# Dataset
○ ○ ○ ○ ○

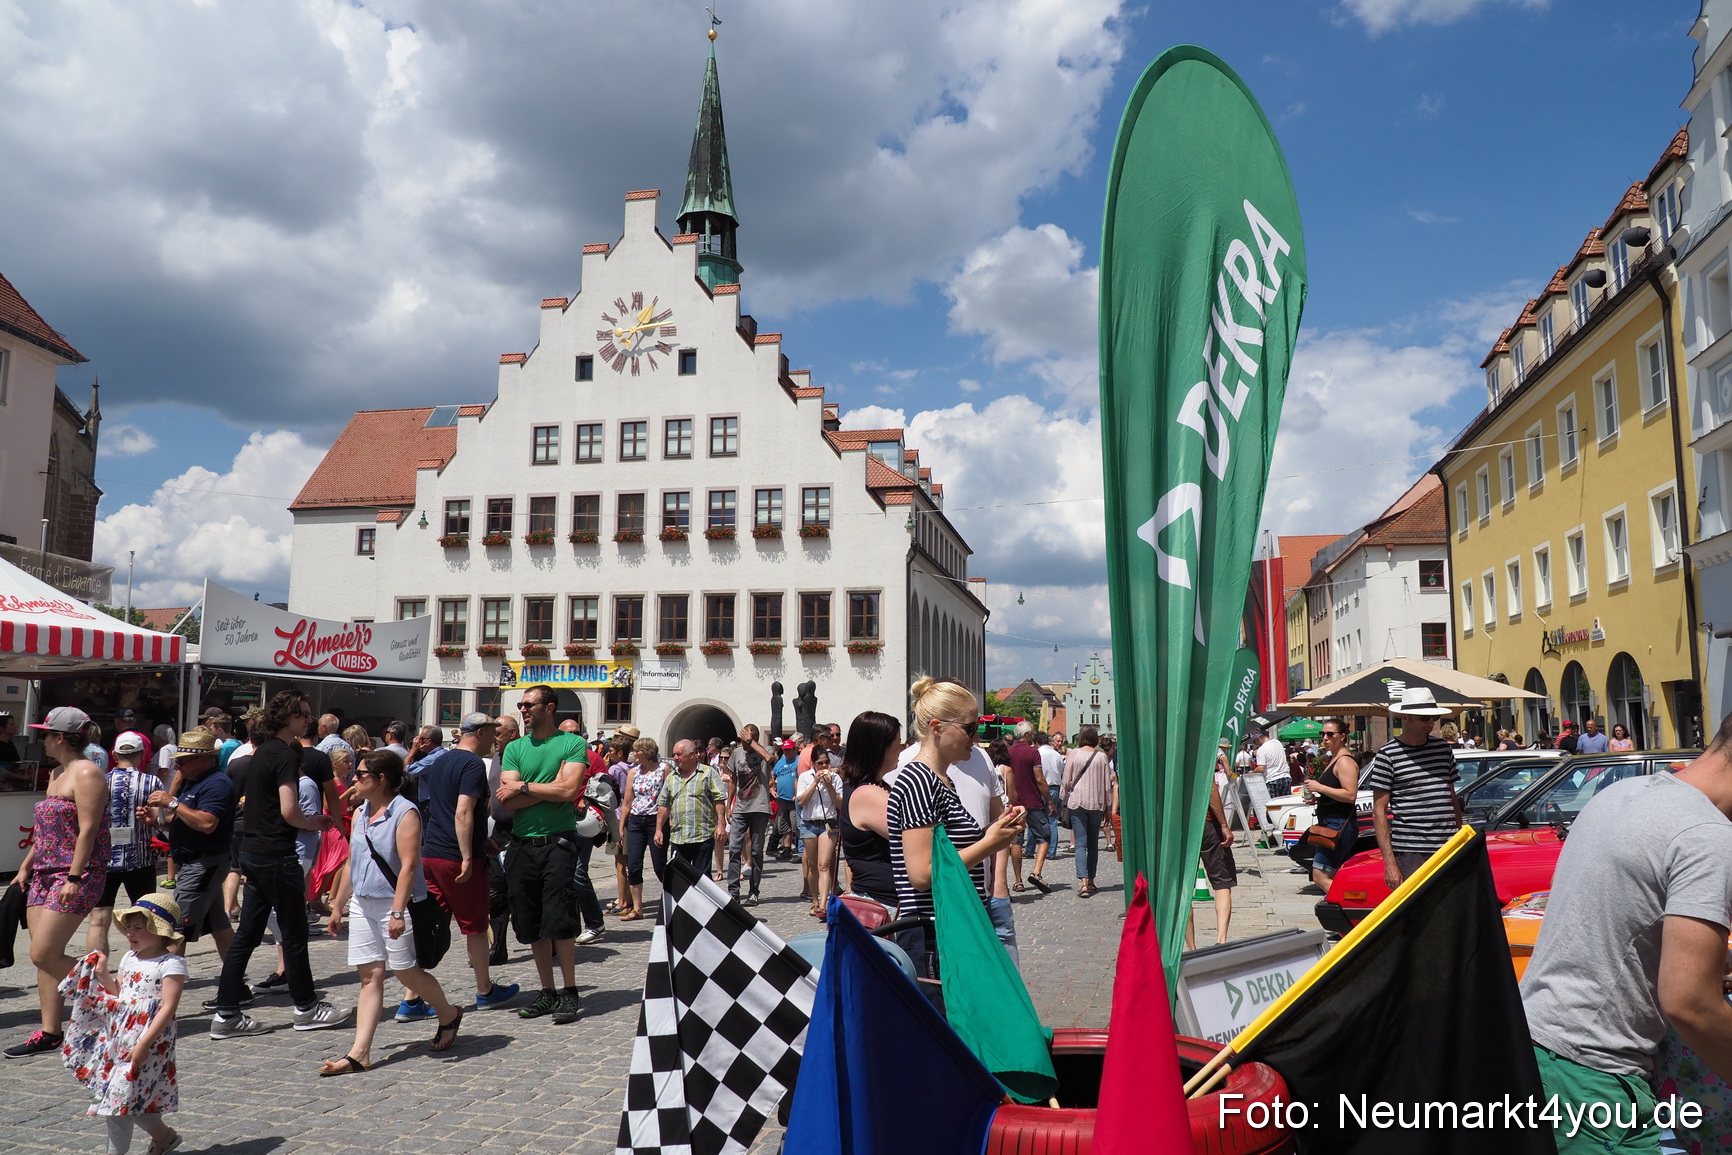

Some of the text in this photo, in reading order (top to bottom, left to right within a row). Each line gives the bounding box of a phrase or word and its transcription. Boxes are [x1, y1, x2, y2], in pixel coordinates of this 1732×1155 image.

[1177, 199, 1291, 481] DEKRA
[215, 615, 247, 632] Seit über
[224, 629, 259, 646] 50 Jahren
[273, 618, 373, 670] Lehmeier's
[336, 653, 373, 670] IMBISS
[519, 664, 609, 683] ANMELDUNG
[642, 670, 680, 679] Information
[1233, 667, 1258, 715] DEKRA
[1245, 969, 1295, 1006] DEKRA

○ ○ ○ ○ ○

# Directions
Copy every record exactly, without the pictures.

# Result for this task
Some of the text in this photo, in reading order (top to bottom, left to right within a row). Each line gives the bounding box of a phrase or word and its transcription. Boxes are [x1, y1, x2, y2], in pixel coordinates of this 1732×1155 image.

[1177, 199, 1291, 481] DEKRA
[215, 615, 247, 632] Seit über
[224, 629, 259, 646] 50 Jahren
[273, 618, 373, 670] Lehmeier's
[336, 653, 373, 670] IMBISS
[519, 664, 609, 683] ANMELDUNG
[642, 670, 680, 679] Information
[1233, 667, 1258, 715] DEKRA
[1245, 969, 1295, 1006] DEKRA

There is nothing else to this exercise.